Gummesson (2000) stated that the key task of the organisation is acquiring
institutional knowledge and knowledge of the social interaction processes. KM system
can improve a firm’s operational processes (Arora, 2002). KM efforts focus on
organisational objectives such as improved performance, competitive advantage
innovation, the sharing of lessons learned, integration and continuous improvement of the
organisation (Sanchez, 1996). KM effort needs to convert internalised tacit knowledge
into explicit knowledge in order to share it, but the same effort must also permit
individuals to internalise and make meaningful any codified knowledge retrieved from
the KM effort (Serenko and Bontis, 2004).

2.2 Business intelligence


BI is the process of gathering information as the process of enhancing data into
information and into knowledge in the field of business (Green, 2006). BI is a valuable
core competence and should be managed like traditional factors of labour, capital and raw
material (Von Krogh et al., 1998). Business data and information are the soil that grows
BI, which provides the capability to reason, plan, solve problems, think abstractly,
comprehend ideas and language, and learn from business data and information (Ranjan,
2008).
BI is an umbrella term that combines architectures, tools, databases, applications,
practices and methodologies (Turban et al., 2007).
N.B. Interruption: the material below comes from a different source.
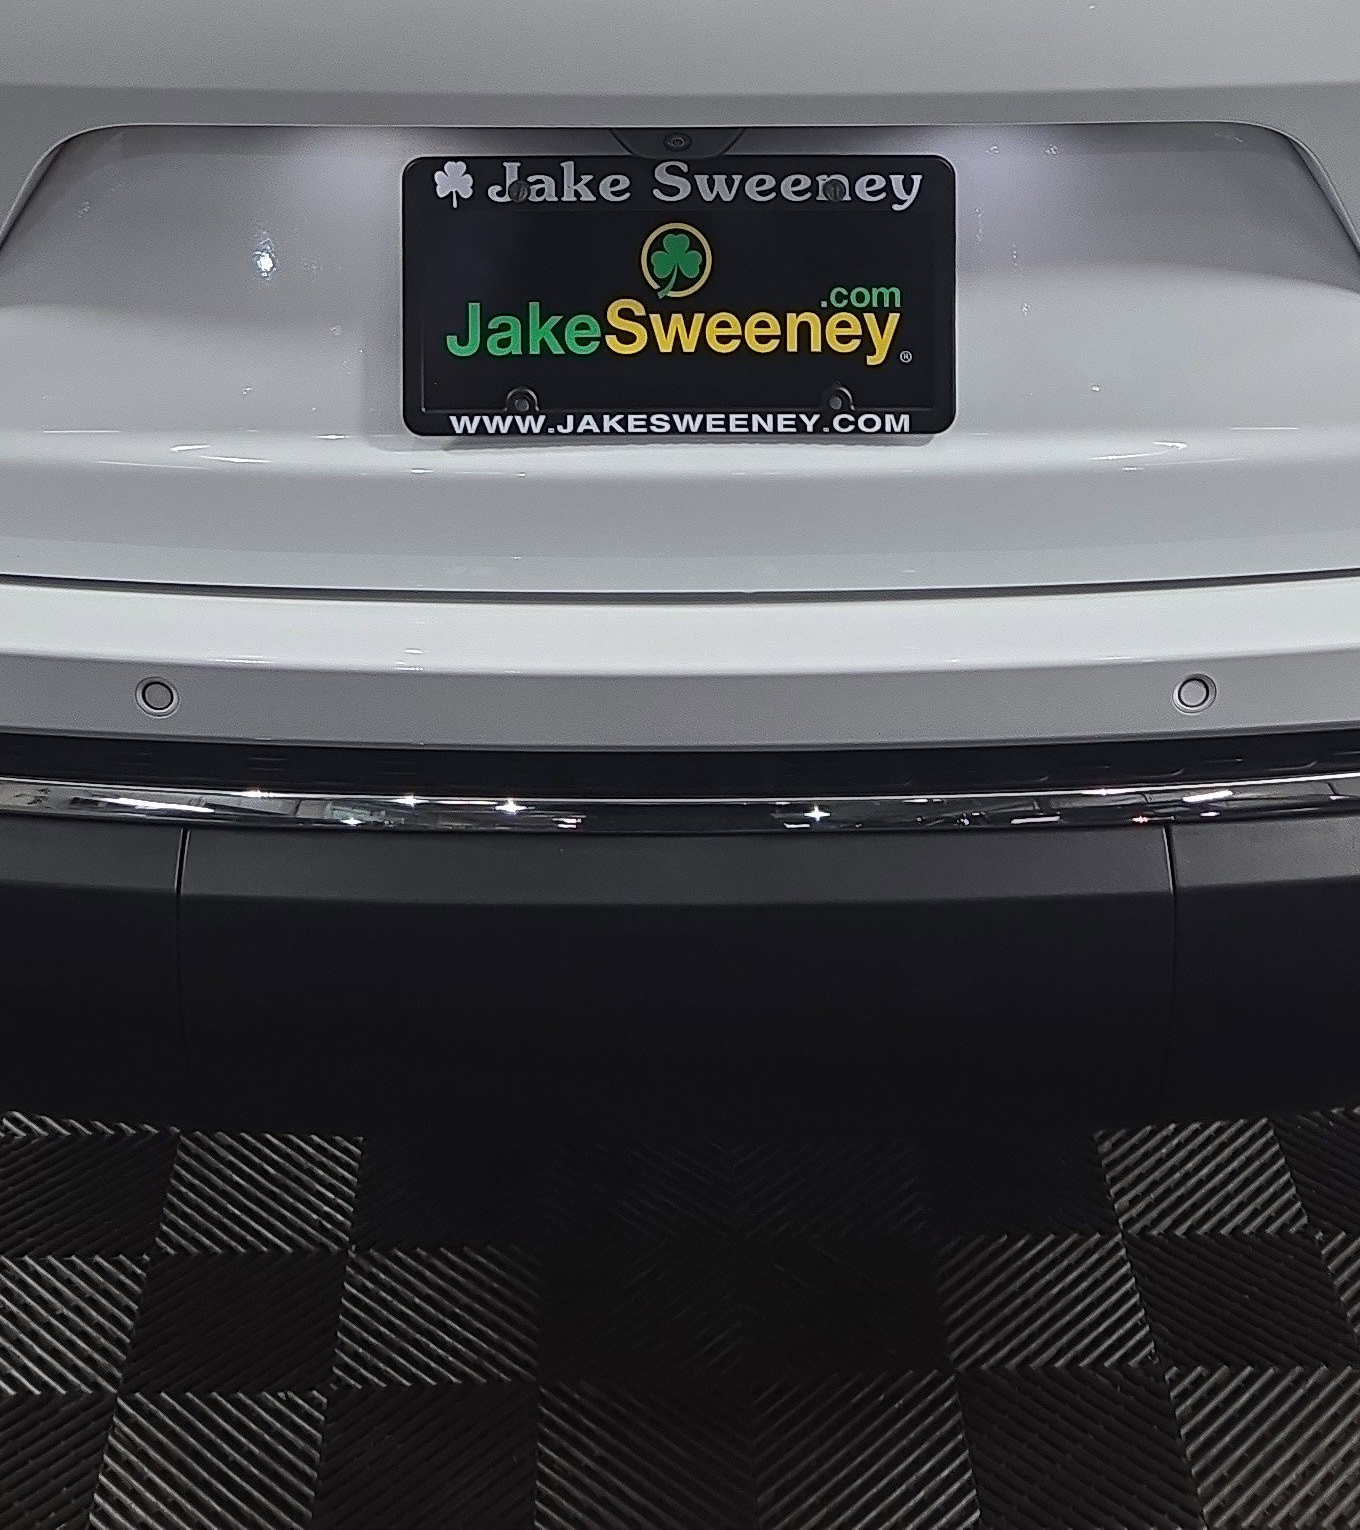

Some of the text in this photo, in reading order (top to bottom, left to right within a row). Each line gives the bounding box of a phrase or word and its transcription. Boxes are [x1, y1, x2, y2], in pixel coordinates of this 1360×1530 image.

Organisations have failed to realise the
full potential of BI and KM tools to increase corporate performance (Anantatmula and
Kanungo, 2005; Lee et al., 2005; Massey and Montoya-Weiss, 2002).
Knowledge management for business intelligence measurement 327

BI outcomes are achieved through the business processes which are implemented
with tools and information systems in order to empower the acquisition, integration,
sharing and dissemination of organisational knowledge (Bartlett, 1998; Sensiper, 1997).
BI is used to understand the capabilities in which the firm competes; and the actions of
competitors and the implications of these actions (Negash, 2004). BI describes the result
of in-depth analysis of detailed business data, including database and application
technologies as well as analysis practices (Gangadharan and Swamy, 2004). BI is
technically much broader, potentially encompassing KM, ERP, decision-support systems
and DM (Gangadharan and Swamy, 2004). In addition, BI is primarily aimed at
supplying top management with relevant information in order to support strategic
decision making (Bucher et al., 2009). Moss and Atre (2003) described BI as a seamless
integration of operational front-office applications with operational back-office
applications. BI is defined as the solution applying information technology (IT) to
retrieve heterogeneous and distributed resources in order to formulate any usable
knowledge by employing analysis mechanisms (Vine, 2000). In addition, Gangadharan
and Swamy (2004) defined BI as an enterprise architecture for an integrated collection of
operational as well as decision support applications and databases, which provides the
business community easy access to their business data and allows them to make accurate
business decisions. A successful BI ties business and IT together to help enterprises
manage and integrate ongoing investments in BI, allocate BI resources, prioritise projects
and minimise the risk associated with BI implementations (Ranjan, 2008).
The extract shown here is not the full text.